The most severe floods in the last years occurred in August 2005 along the Bulgarian part of Maritsa River and March 2006 along the Bulgarian part of Tundja River and the Turkish part of Maritsa. In November 2007 a large flood occurred too in the Bulgarian–Turkish border in Maritsa. The satellite image to the left shows the inundated areas during the flood of March 2006.

The Tundja Flood plain is also very large downstream Banya at the outflow of the Jrebchevo Dam but with a marked slope down to Mutchuritza confluence.
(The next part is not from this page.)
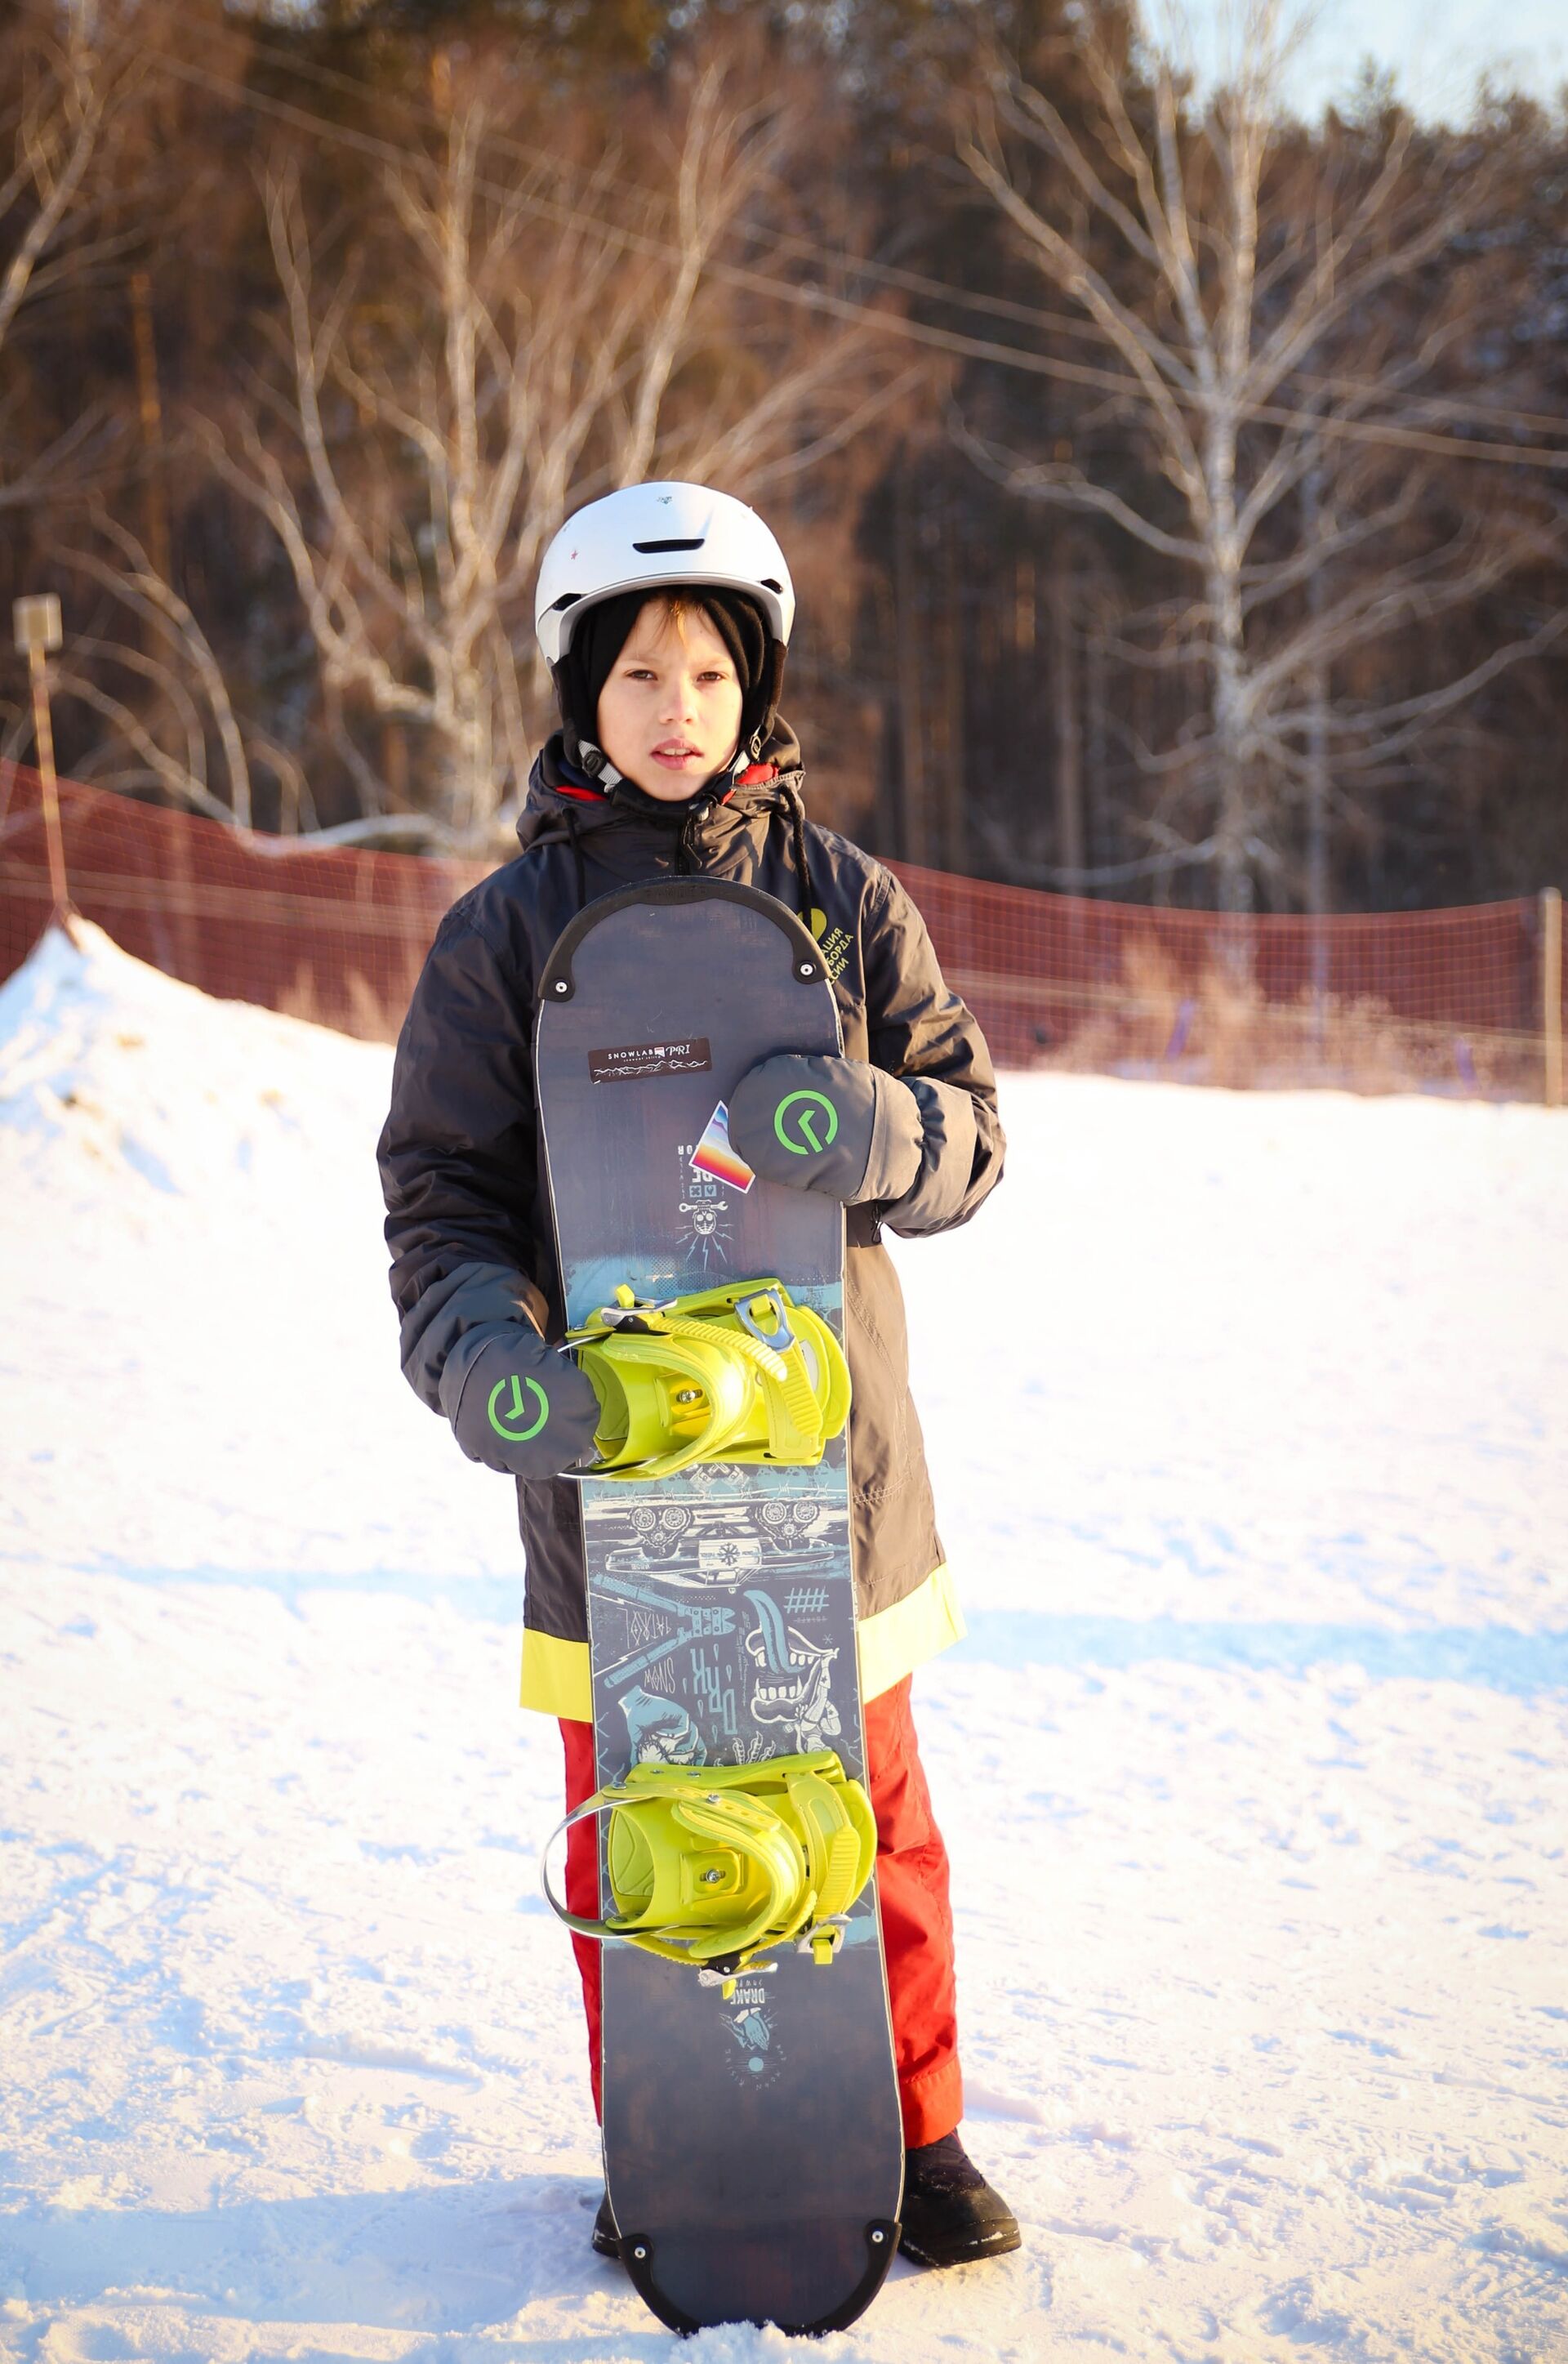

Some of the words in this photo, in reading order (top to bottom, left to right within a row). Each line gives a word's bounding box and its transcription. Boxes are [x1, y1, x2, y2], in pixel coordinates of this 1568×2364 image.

[830, 957, 849, 984] СИИ
[608, 1049, 653, 1059] SNOWLAB
[644, 1657, 675, 1694] SNOW
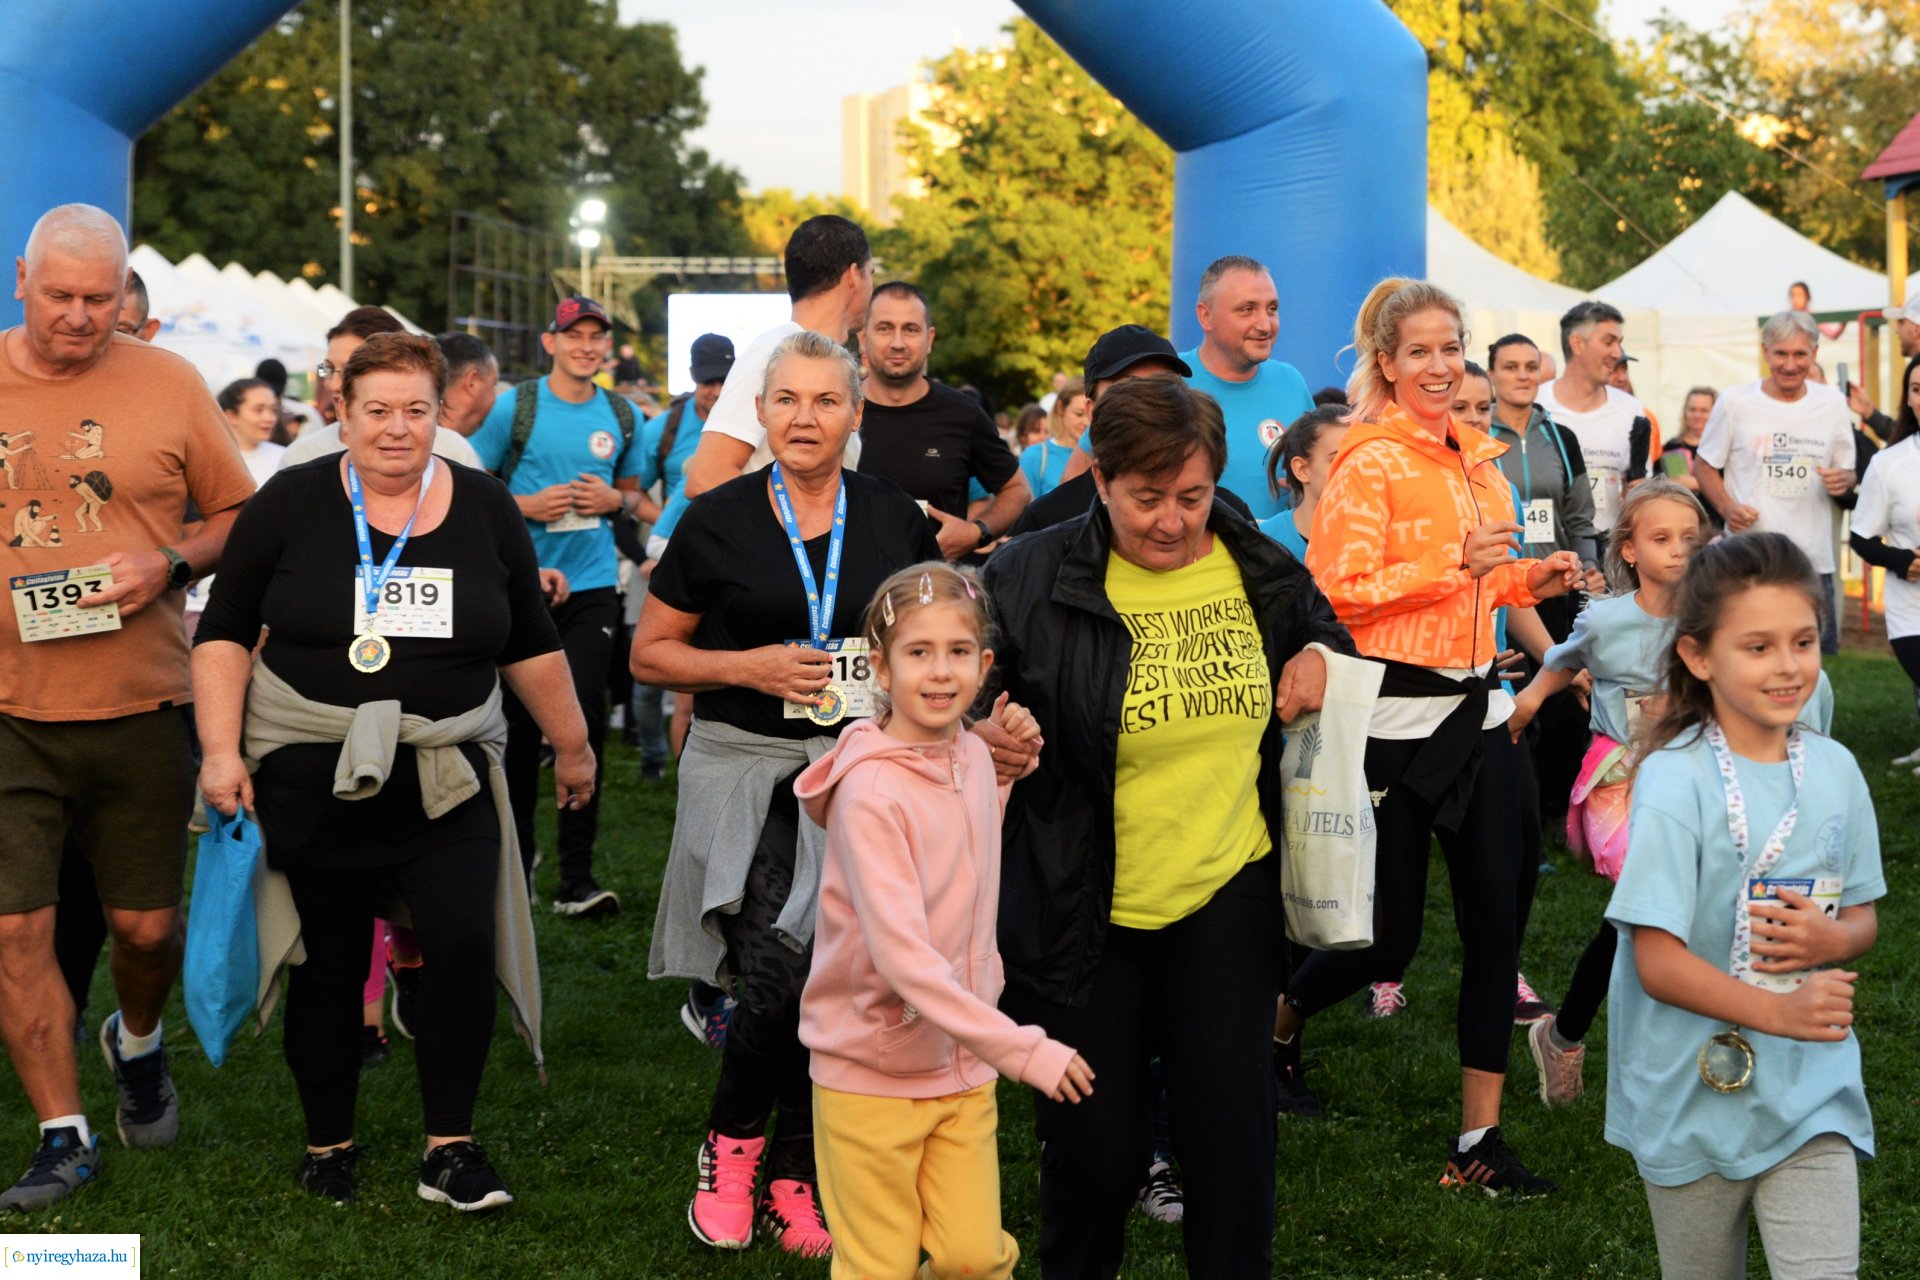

From Yambol to Elhovo the flood plain is very large and very flat and Tundja river, which has been elsewhere channelised, is let free to meander within large forested areas until Elhovo city. Downstream Elhovo the river goes sloppy again but through an unpopulated hilly relief which constraint its discharges in narrow cross sections down to the Turkish border. In Turkey the river gets again into a large and flat flood plain where it meanders (though it has been channelised) until Edirne where it joins Maritza. Yambol city is theoretically protected by high dikes which can handle 800 m3/s discharges. Elhovo downstream is much less protected and may be flooded in some areas with less than 200 m3/s. New settlements in flood prone areas have increased the socio-economic risks in both cities.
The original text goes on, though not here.